What is needed is the full set of records, word for word, with no pictures.

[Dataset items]
- - - -

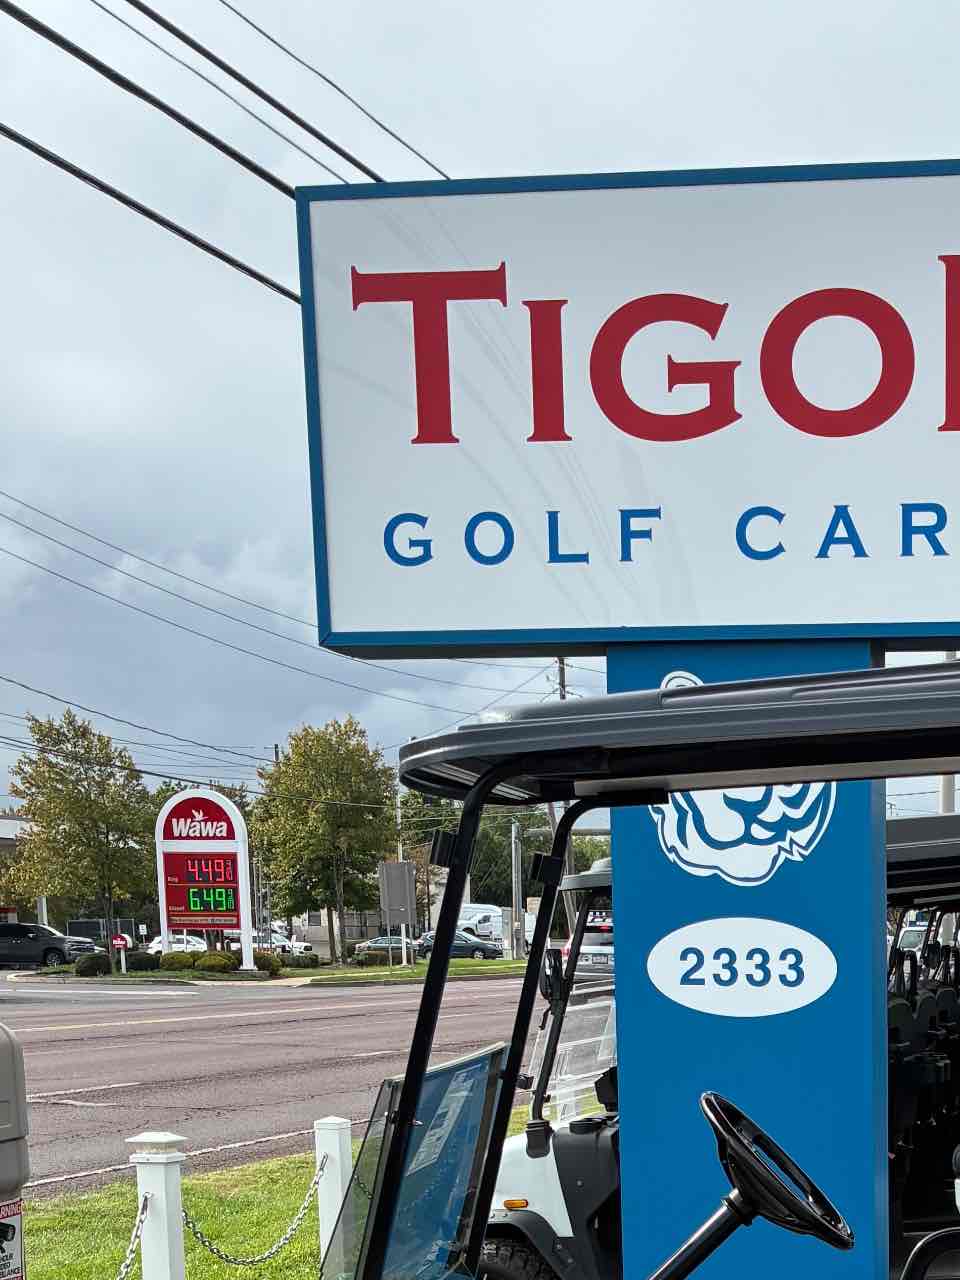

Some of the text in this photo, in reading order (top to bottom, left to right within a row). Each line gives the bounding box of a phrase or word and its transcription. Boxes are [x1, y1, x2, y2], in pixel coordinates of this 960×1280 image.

[383, 506, 662, 567] GOLF
[172, 818, 227, 837] Wawa
[680, 946, 805, 987] 2333
[0, 1202, 21, 1220] RNING
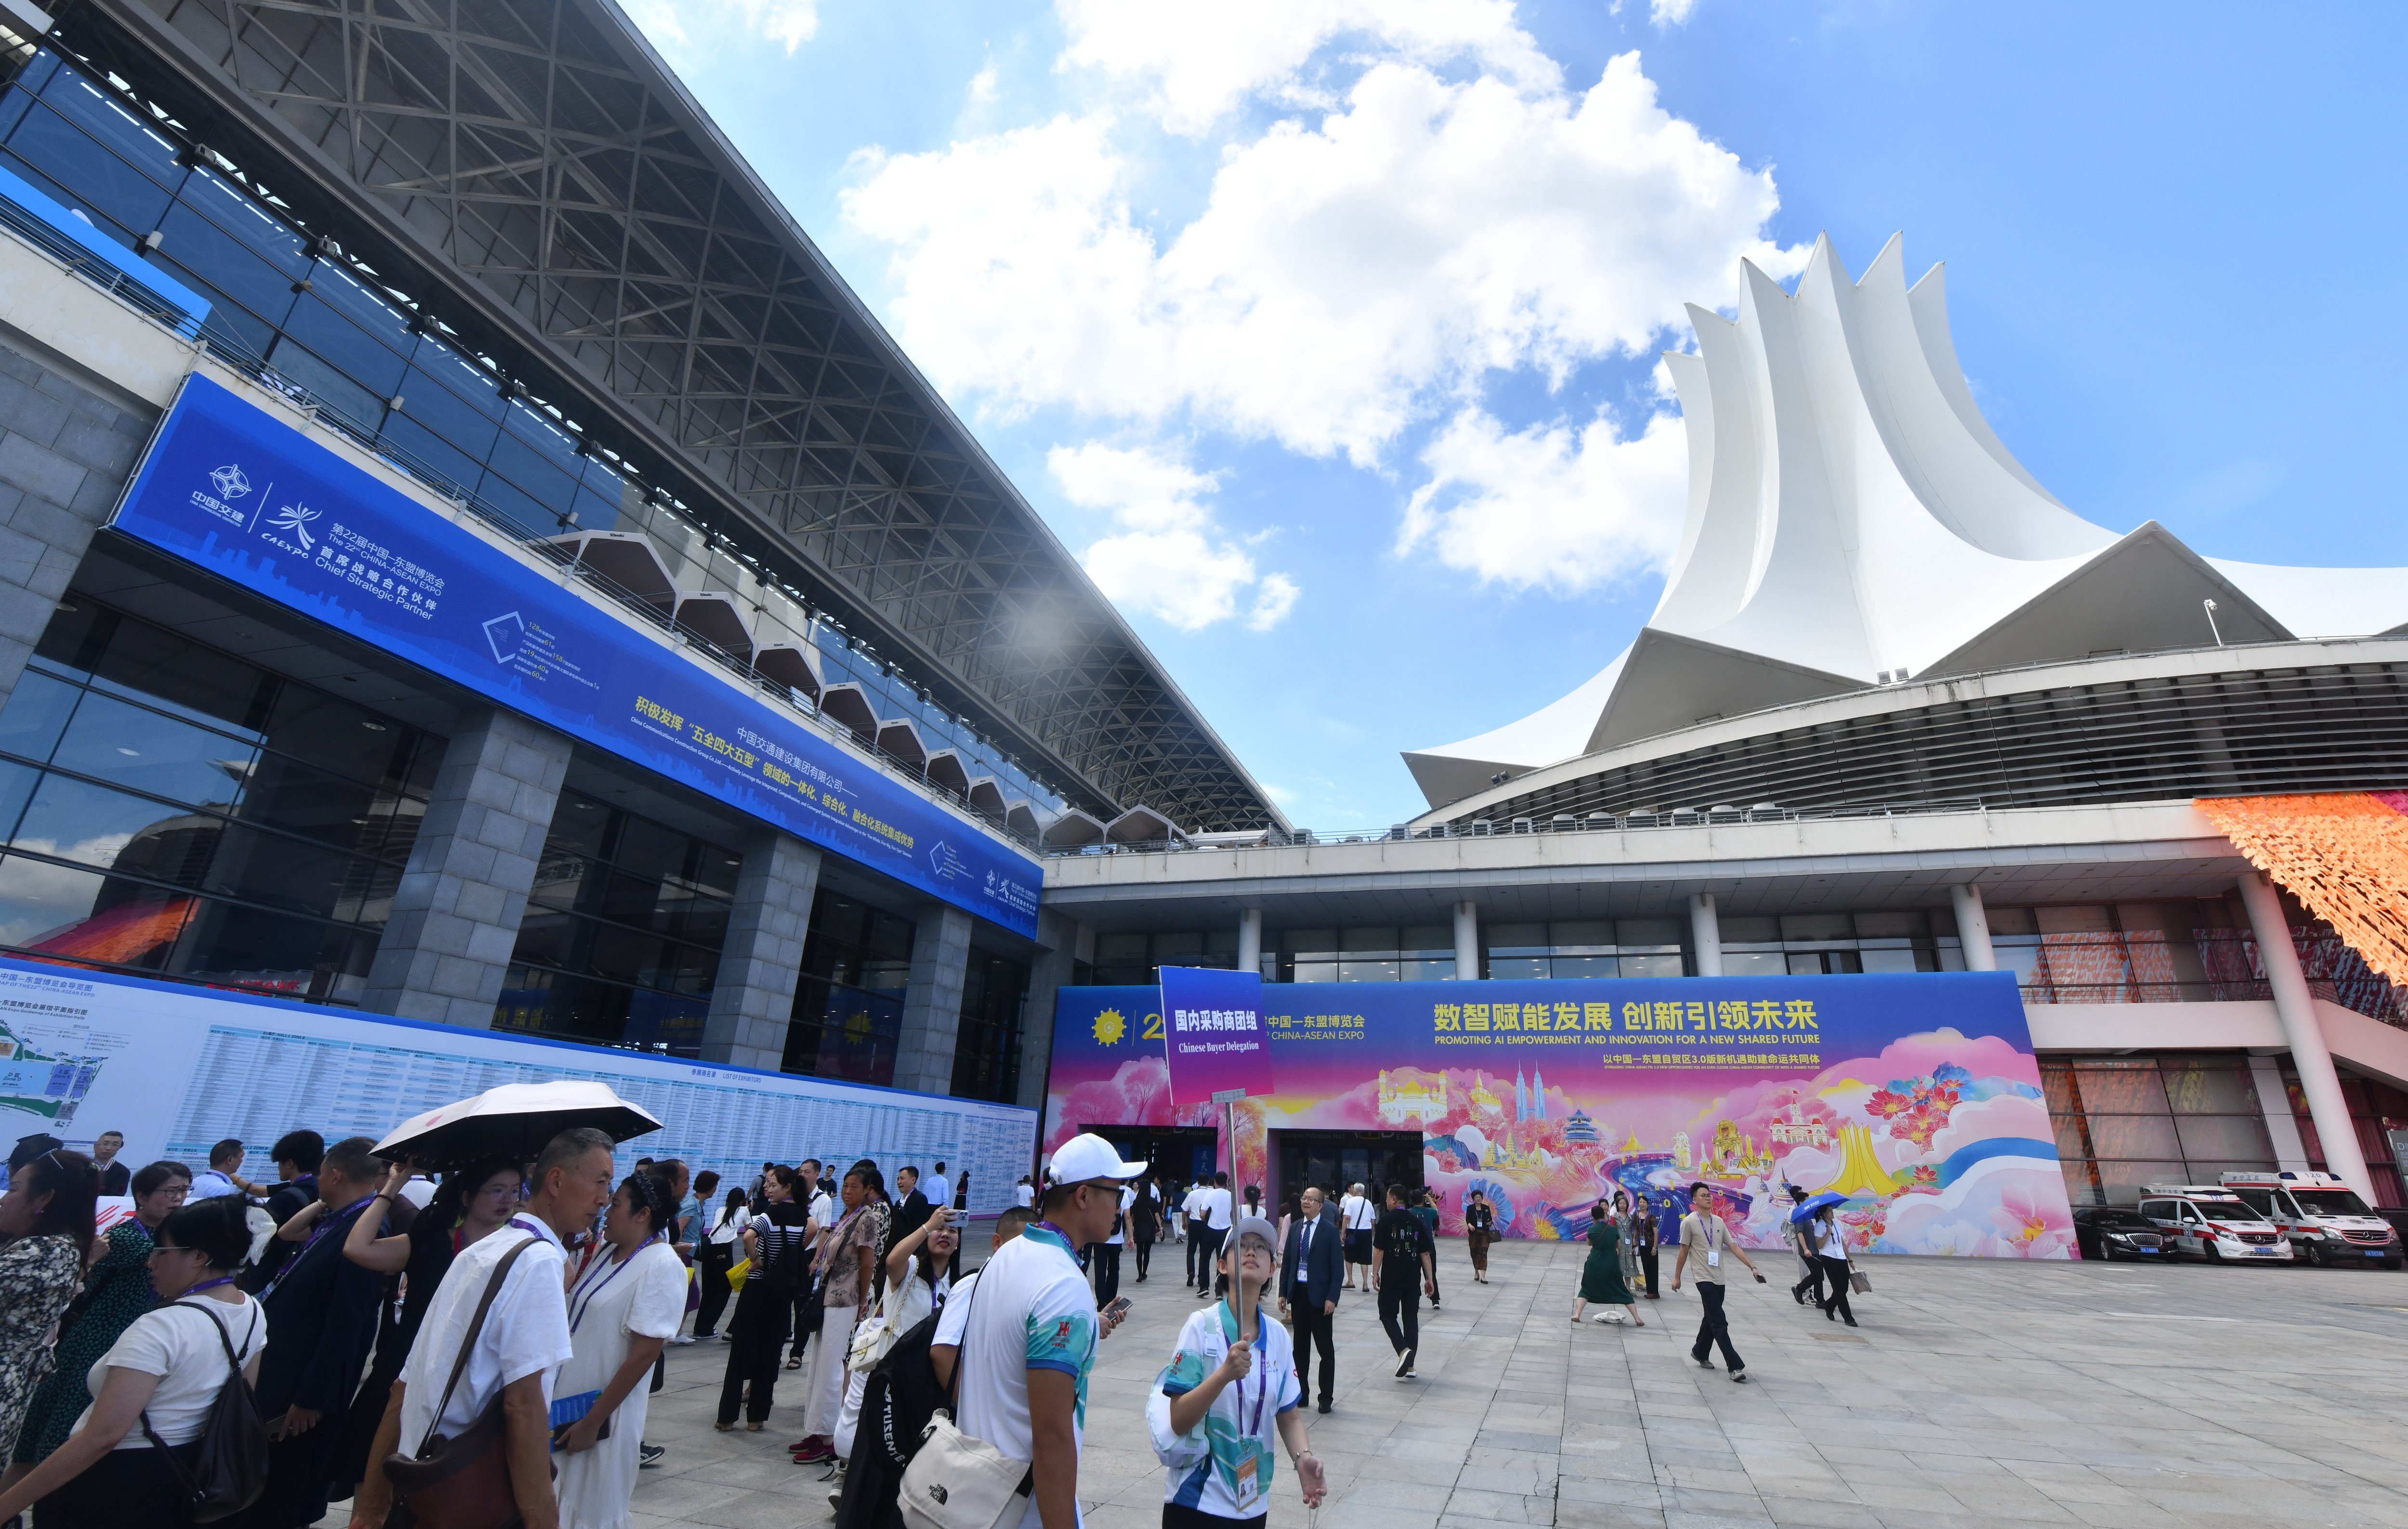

- - - -

■ **Finished exercise**:
Some of the text in this photo, in reading order (top to bottom, left to right within a row). Each line gives the bounding box of a phrase or word and its transcription. Boxes are [x1, y1, x2, y2], in pixel coordinates of this 960×1280 image.

[383, 506, 662, 567] GOLF
[172, 818, 227, 837] Wawa
[680, 946, 805, 987] 2333
[0, 1202, 21, 1220] RNING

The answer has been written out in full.